#### The problem
Pictures do not belong in the copy; print every entry exactly as it stands.

#### Collected data
■ ■ ■ ■ ■ ■ ■
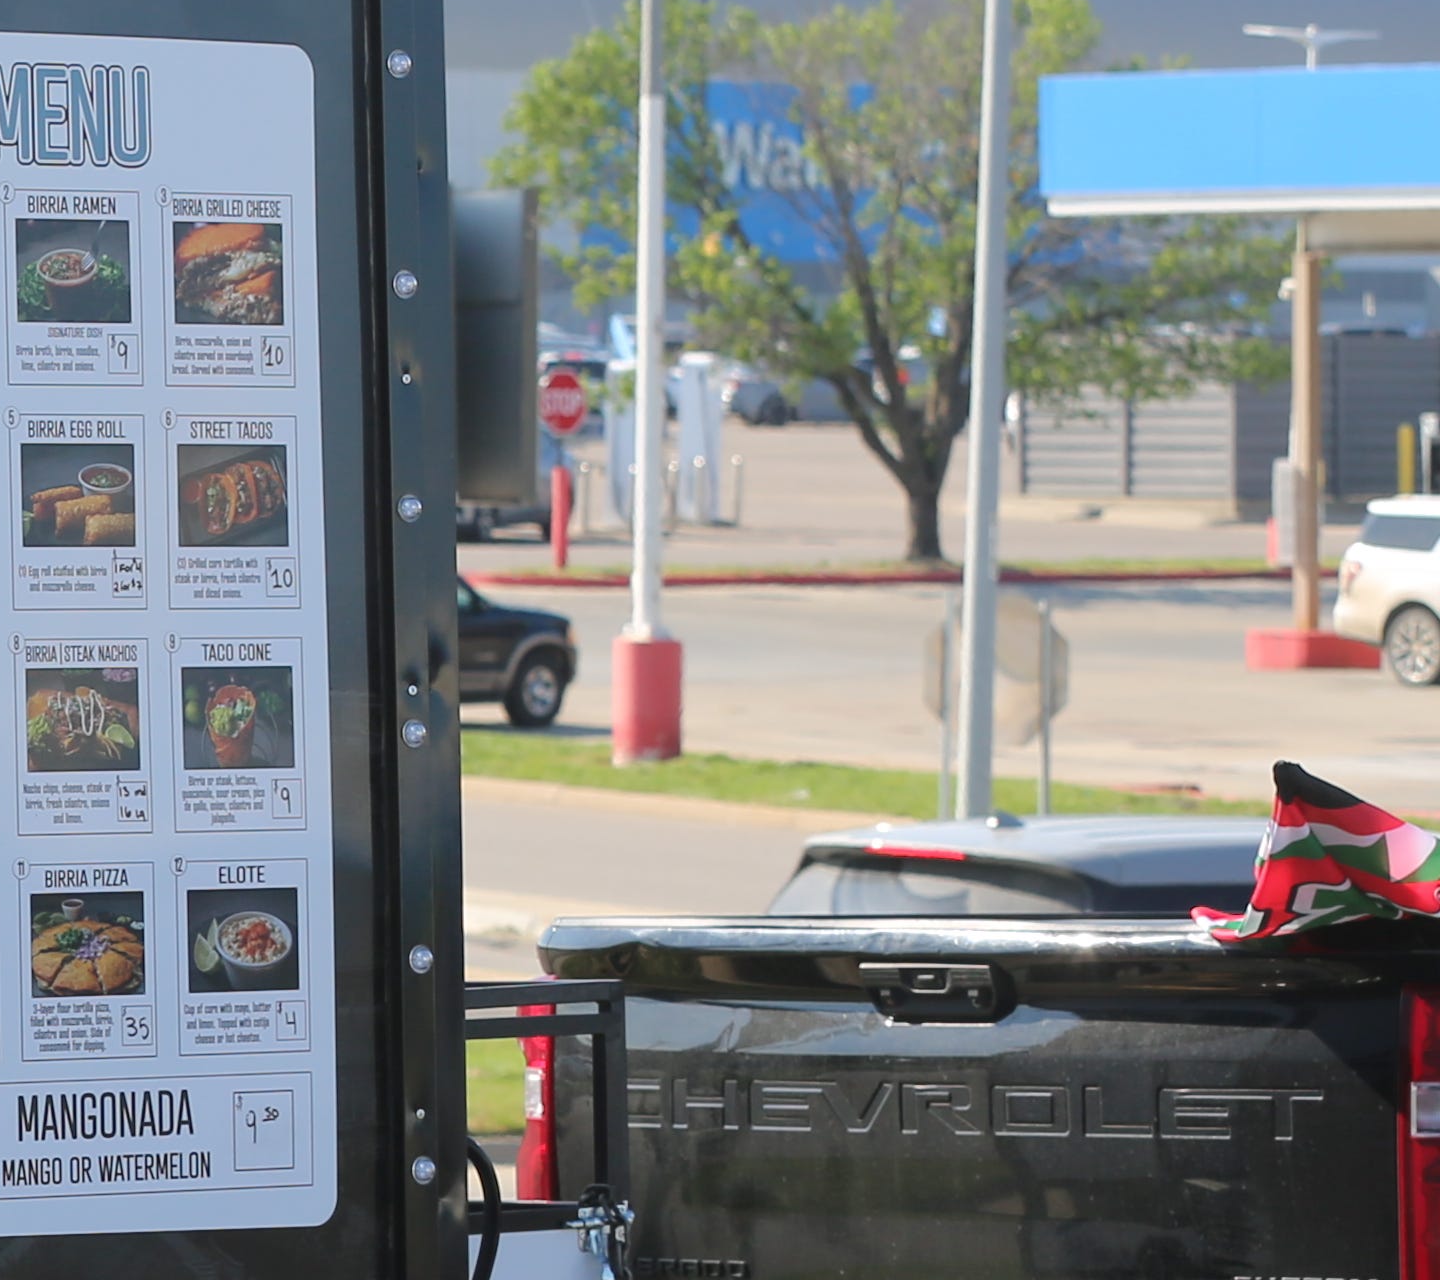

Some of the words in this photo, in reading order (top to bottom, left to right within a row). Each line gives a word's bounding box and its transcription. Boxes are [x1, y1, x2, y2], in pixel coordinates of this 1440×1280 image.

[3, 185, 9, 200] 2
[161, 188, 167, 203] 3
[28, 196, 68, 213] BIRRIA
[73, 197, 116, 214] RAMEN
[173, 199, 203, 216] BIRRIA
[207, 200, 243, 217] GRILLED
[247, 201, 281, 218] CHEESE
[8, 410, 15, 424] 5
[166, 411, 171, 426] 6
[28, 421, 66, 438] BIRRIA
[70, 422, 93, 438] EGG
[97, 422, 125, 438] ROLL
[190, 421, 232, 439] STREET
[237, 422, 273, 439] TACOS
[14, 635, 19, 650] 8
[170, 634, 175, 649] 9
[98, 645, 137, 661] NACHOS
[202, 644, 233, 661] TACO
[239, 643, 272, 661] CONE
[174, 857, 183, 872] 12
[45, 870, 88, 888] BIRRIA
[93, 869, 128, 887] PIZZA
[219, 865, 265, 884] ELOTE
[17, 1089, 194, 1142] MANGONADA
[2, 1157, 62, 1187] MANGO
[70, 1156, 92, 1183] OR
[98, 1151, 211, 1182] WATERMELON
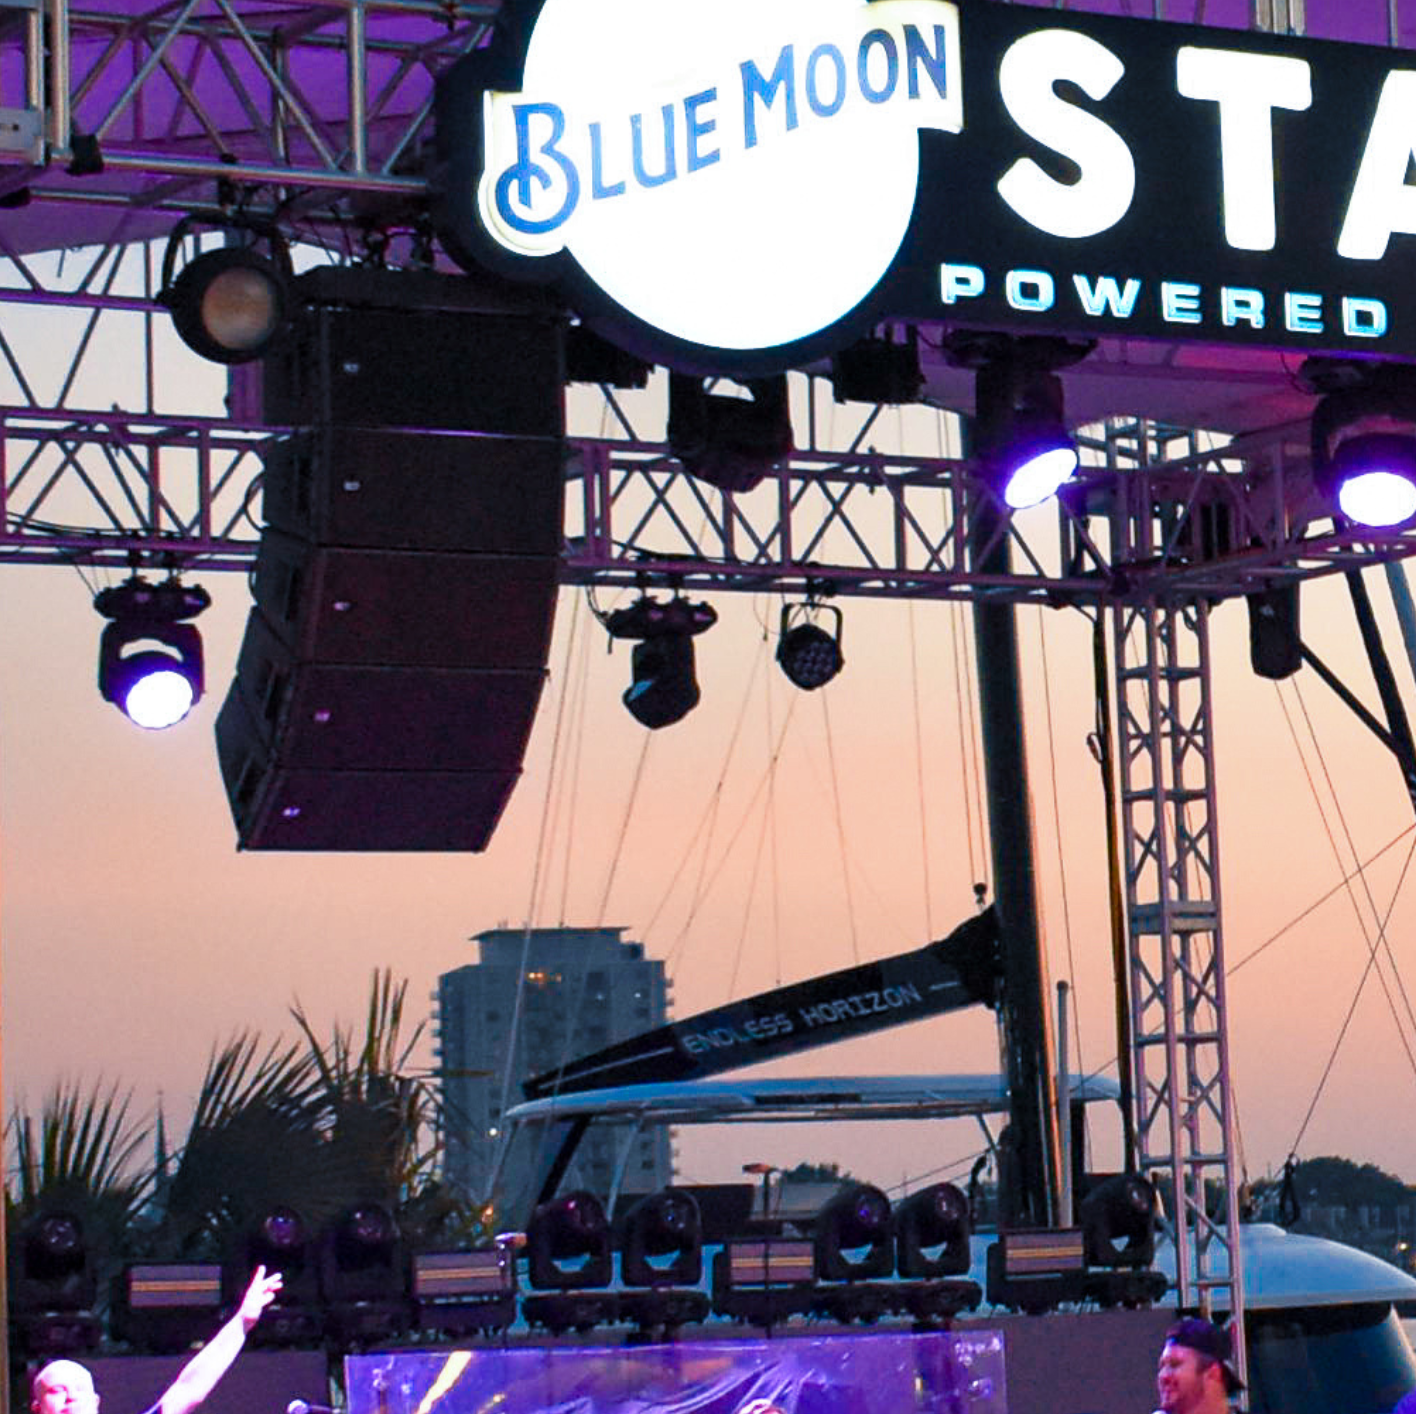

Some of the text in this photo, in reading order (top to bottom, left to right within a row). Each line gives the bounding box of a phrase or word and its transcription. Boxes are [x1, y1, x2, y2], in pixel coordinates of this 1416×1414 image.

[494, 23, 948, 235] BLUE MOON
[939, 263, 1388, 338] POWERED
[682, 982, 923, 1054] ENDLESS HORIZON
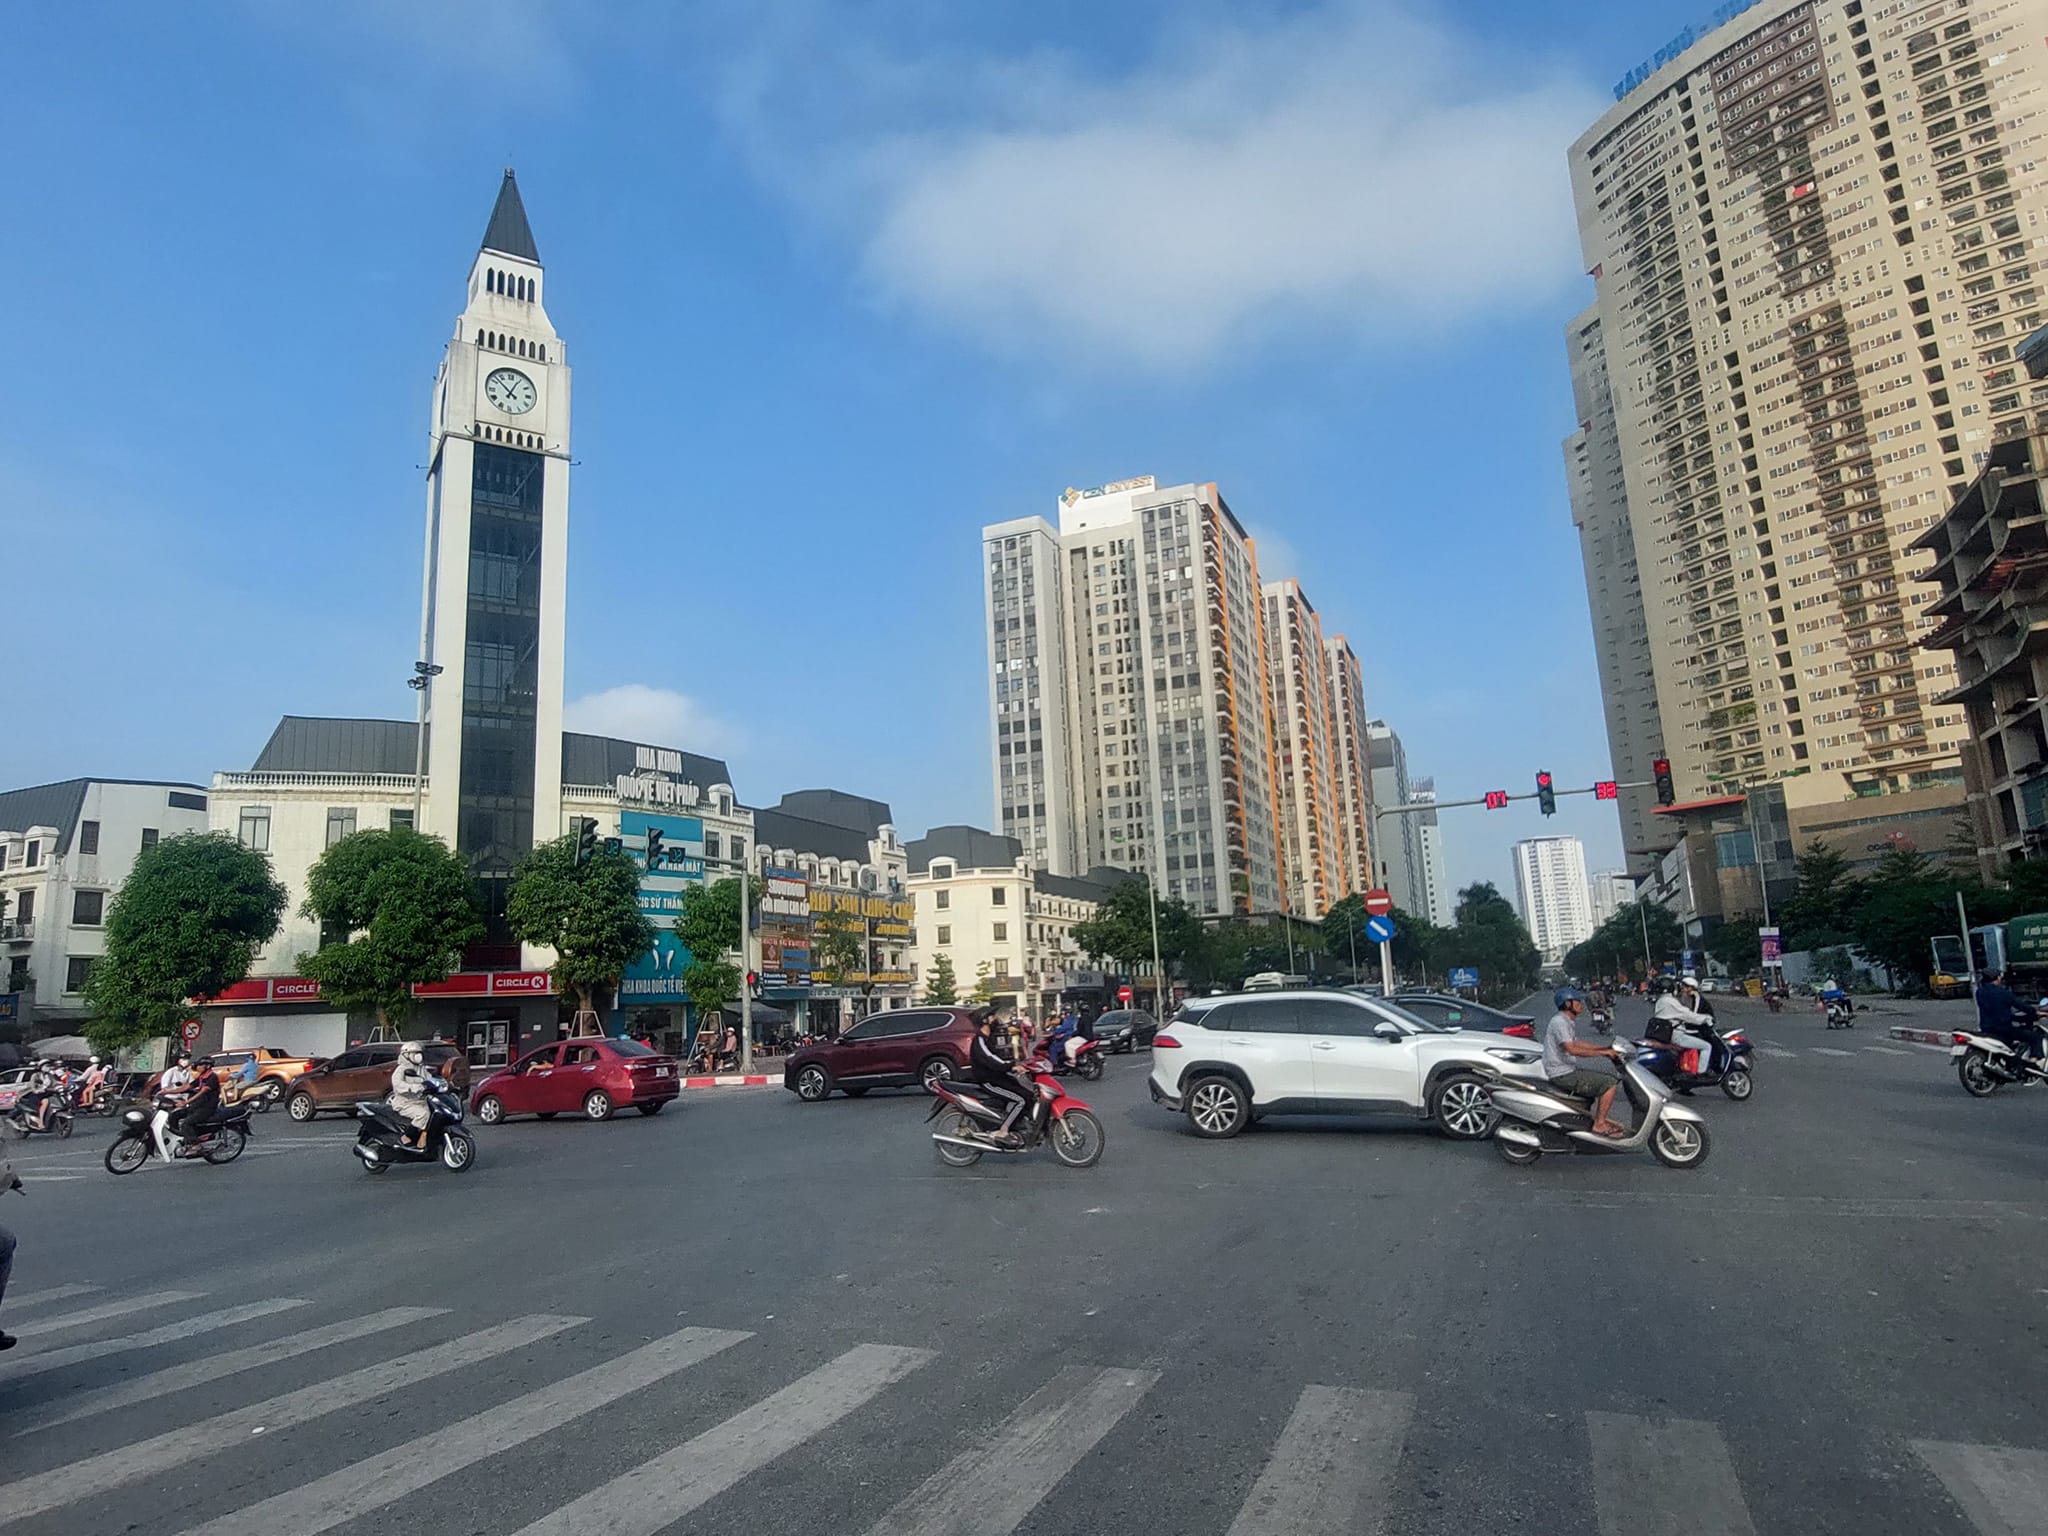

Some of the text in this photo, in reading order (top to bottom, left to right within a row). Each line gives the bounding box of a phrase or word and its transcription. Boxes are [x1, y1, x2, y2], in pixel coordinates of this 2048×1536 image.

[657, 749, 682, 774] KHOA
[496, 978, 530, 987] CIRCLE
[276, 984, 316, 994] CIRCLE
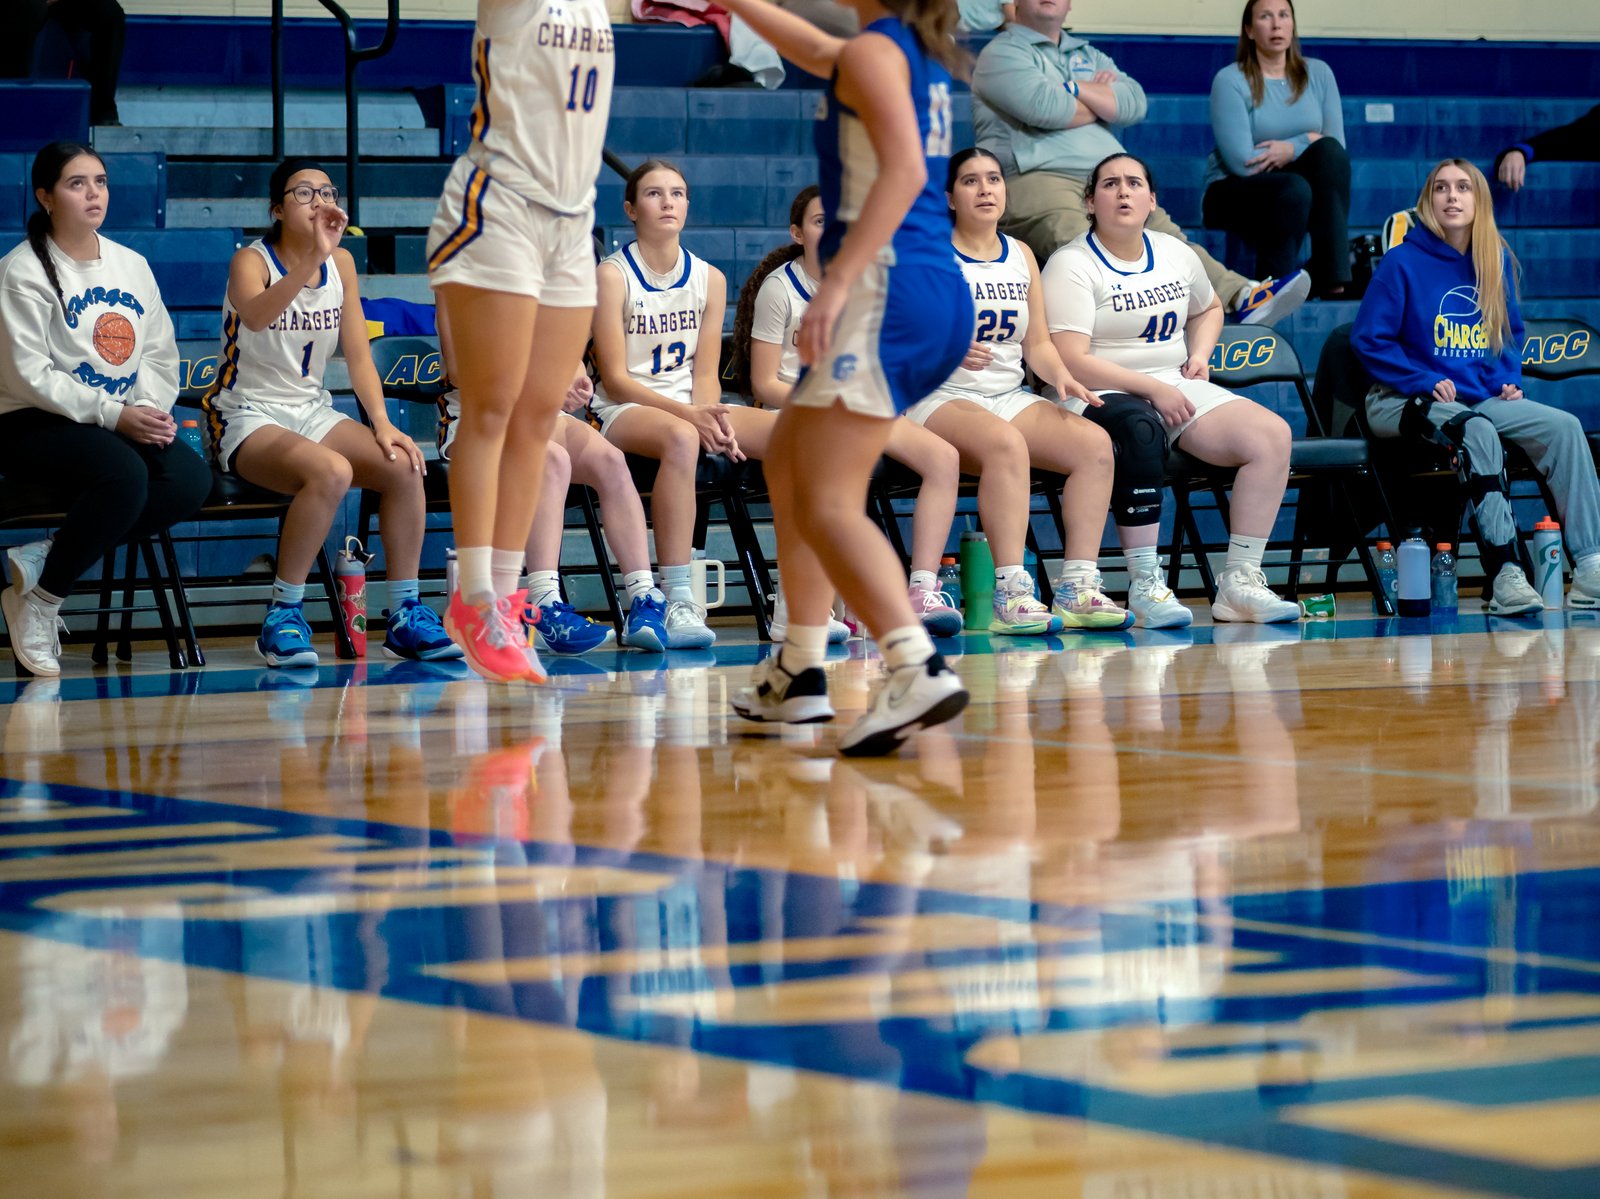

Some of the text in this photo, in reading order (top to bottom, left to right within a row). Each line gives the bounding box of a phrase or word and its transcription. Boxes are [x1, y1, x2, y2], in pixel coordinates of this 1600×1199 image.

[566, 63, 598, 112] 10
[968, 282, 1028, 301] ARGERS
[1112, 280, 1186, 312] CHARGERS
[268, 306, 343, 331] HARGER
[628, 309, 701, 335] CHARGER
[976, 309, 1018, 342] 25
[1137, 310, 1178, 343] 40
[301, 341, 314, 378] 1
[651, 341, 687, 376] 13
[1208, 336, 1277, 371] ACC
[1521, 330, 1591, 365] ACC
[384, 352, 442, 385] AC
■ ■ ■ ■ ■ ■ ■
#### Response to the task
Some of the words in this photo, in reading order (top to bottom, left to right within a row). Each line gives a word's bounding box and its transcription. Boxes are [x1, y1, x2, y2], in pixel coordinates of this 1440×1280 image.

[3, 185, 9, 200] 2
[161, 188, 167, 203] 3
[28, 196, 68, 213] BIRRIA
[73, 197, 116, 214] RAMEN
[173, 199, 203, 216] BIRRIA
[207, 200, 243, 217] GRILLED
[247, 201, 281, 218] CHEESE
[8, 410, 15, 424] 5
[166, 411, 171, 426] 6
[28, 421, 66, 438] BIRRIA
[70, 422, 93, 438] EGG
[97, 422, 125, 438] ROLL
[190, 421, 232, 439] STREET
[237, 422, 273, 439] TACOS
[14, 635, 19, 650] 8
[170, 634, 175, 649] 9
[98, 645, 137, 661] NACHOS
[202, 644, 233, 661] TACO
[239, 643, 272, 661] CONE
[174, 857, 183, 872] 12
[45, 870, 88, 888] BIRRIA
[93, 869, 128, 887] PIZZA
[219, 865, 265, 884] ELOTE
[17, 1089, 194, 1142] MANGONADA
[2, 1157, 62, 1187] MANGO
[70, 1156, 92, 1183] OR
[98, 1151, 211, 1182] WATERMELON

Some of the text in this photo, in reading order (top to bottom, left to right within a row). Each line gives the bounding box of a phrase or word and its transcription. Boxes are [x1, y1, x2, y2], in pixel coordinates of this 1416×1414 image.

[494, 23, 948, 235] BLUE MOON
[939, 263, 1388, 338] POWERED
[682, 982, 923, 1054] ENDLESS HORIZON

Some of the text in this photo, in reading order (top to bottom, left to right within a row). Each line gives the bounding box of a phrase or word and its transcription. Boxes are [x1, y1, x2, y2], in pixel coordinates of this 2048×1536 image.

[657, 749, 682, 774] KHOA
[496, 978, 530, 987] CIRCLE
[276, 984, 316, 994] CIRCLE

Some of the text in this photo, in reading order (top to bottom, left to right within a row). Each line gives the bounding box of a phrase or word and its transcription. Boxes are [x1, y1, x2, y2], in pixel coordinates of this 1600×1199 image.

[566, 63, 598, 112] 10
[968, 282, 1028, 301] ARGERS
[1112, 280, 1186, 312] CHARGERS
[268, 306, 343, 331] HARGER
[628, 309, 701, 335] CHARGER
[976, 309, 1018, 342] 25
[1137, 310, 1178, 343] 40
[301, 341, 314, 378] 1
[651, 341, 687, 376] 13
[1208, 336, 1277, 371] ACC
[1521, 330, 1591, 365] ACC
[384, 352, 442, 385] AC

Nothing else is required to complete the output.